== Segment start ==

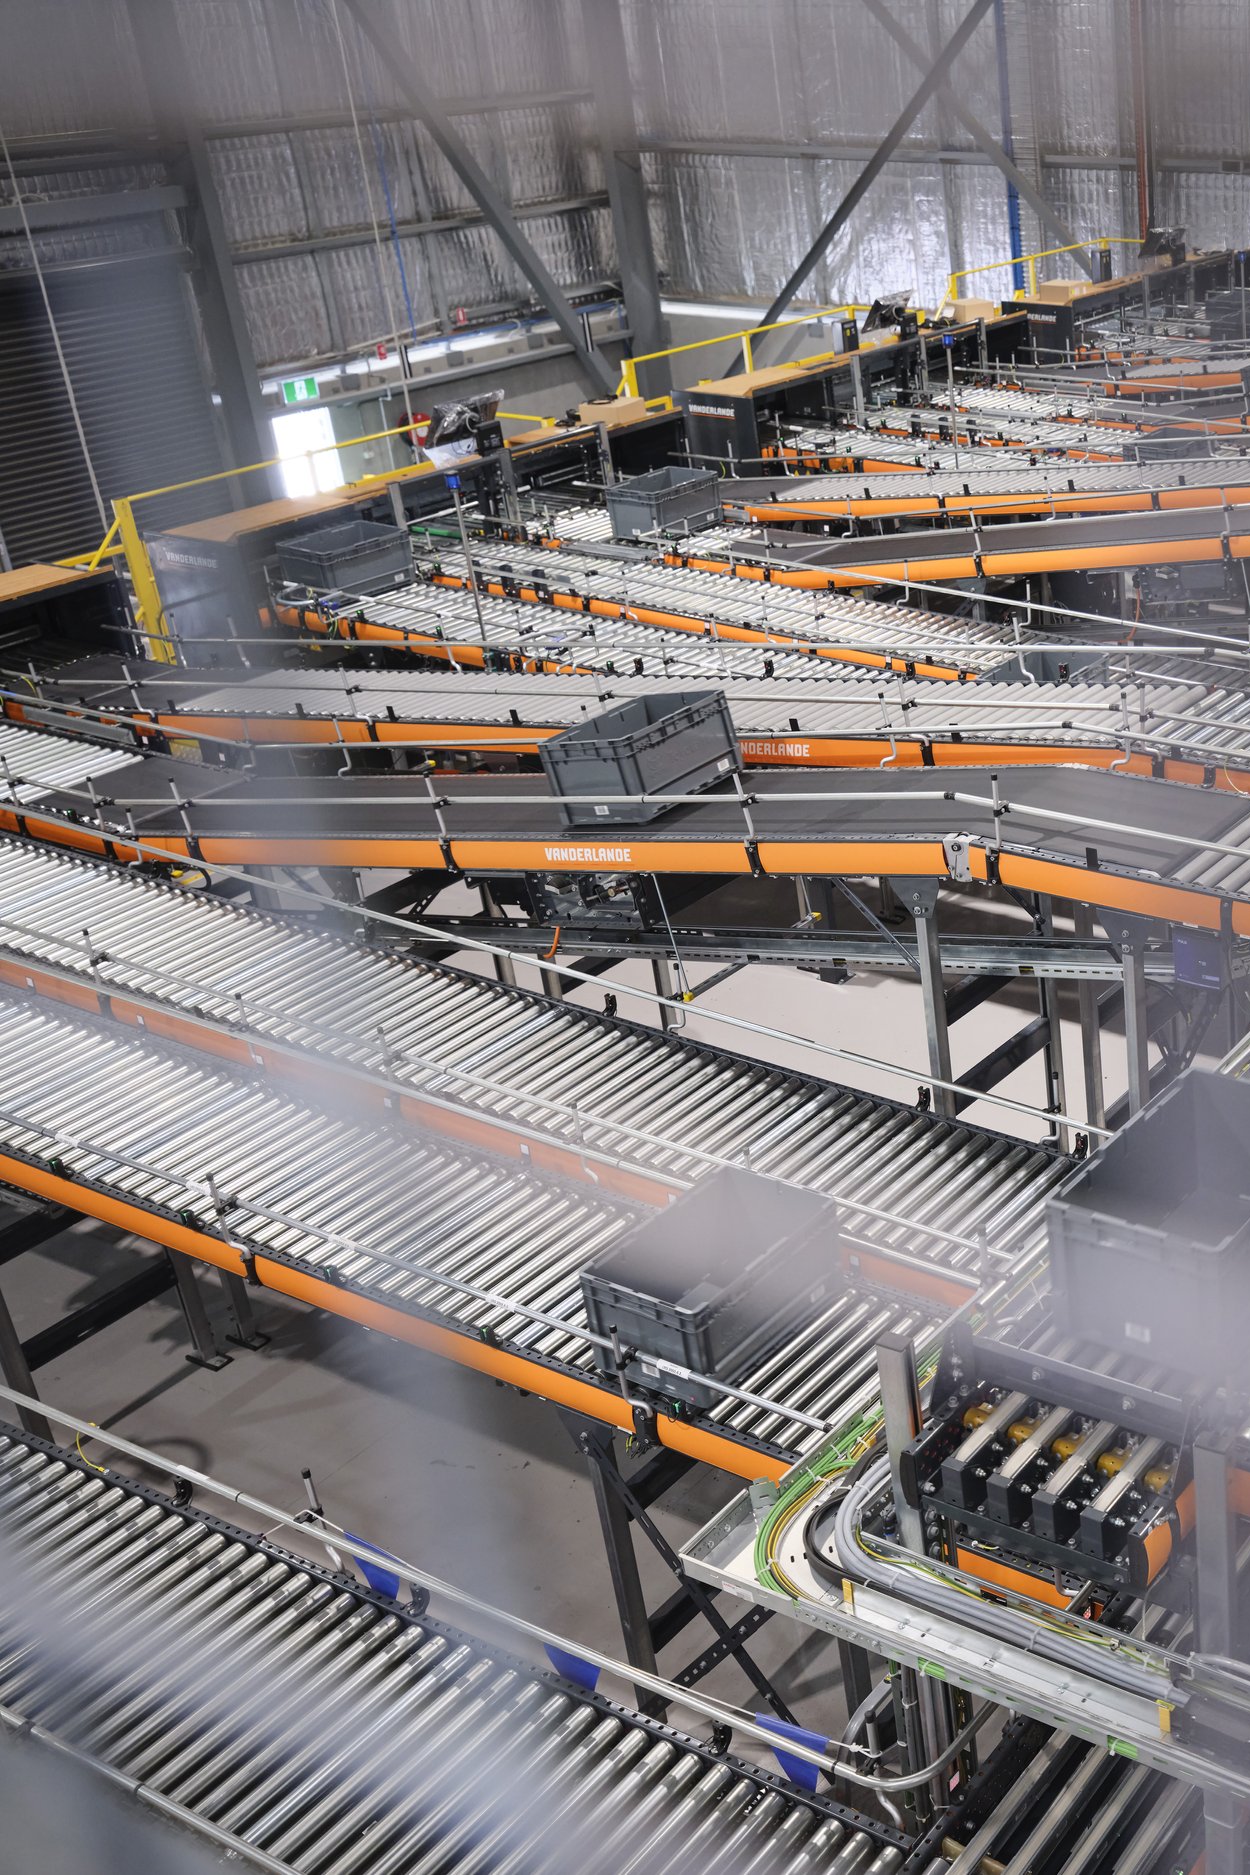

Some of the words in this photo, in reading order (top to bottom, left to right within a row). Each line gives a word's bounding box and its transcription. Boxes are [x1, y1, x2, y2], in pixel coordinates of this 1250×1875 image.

[1026, 313, 1057, 323] DERLANDE
[688, 404, 736, 417] VANDERLANDE
[165, 551, 218, 569] VANDERLANDE
[740, 742, 811, 758] NDERLANDE
[544, 847, 632, 862] VANDERLANDE

== Segment end ==

What the exercise asks: Please copy the data shown above precisely, leaving the images out.

Reply to the exercise:
Some of the words in this photo, in reading order (top to bottom, left to right within a row). Each line gives a word's bounding box and its transcription. Boxes are [x1, y1, x2, y2], in pixel coordinates of this 1250×1875 image.

[1026, 313, 1057, 323] DERLANDE
[688, 404, 736, 417] VANDERLANDE
[165, 551, 218, 569] VANDERLANDE
[740, 742, 811, 758] NDERLANDE
[544, 847, 632, 862] VANDERLANDE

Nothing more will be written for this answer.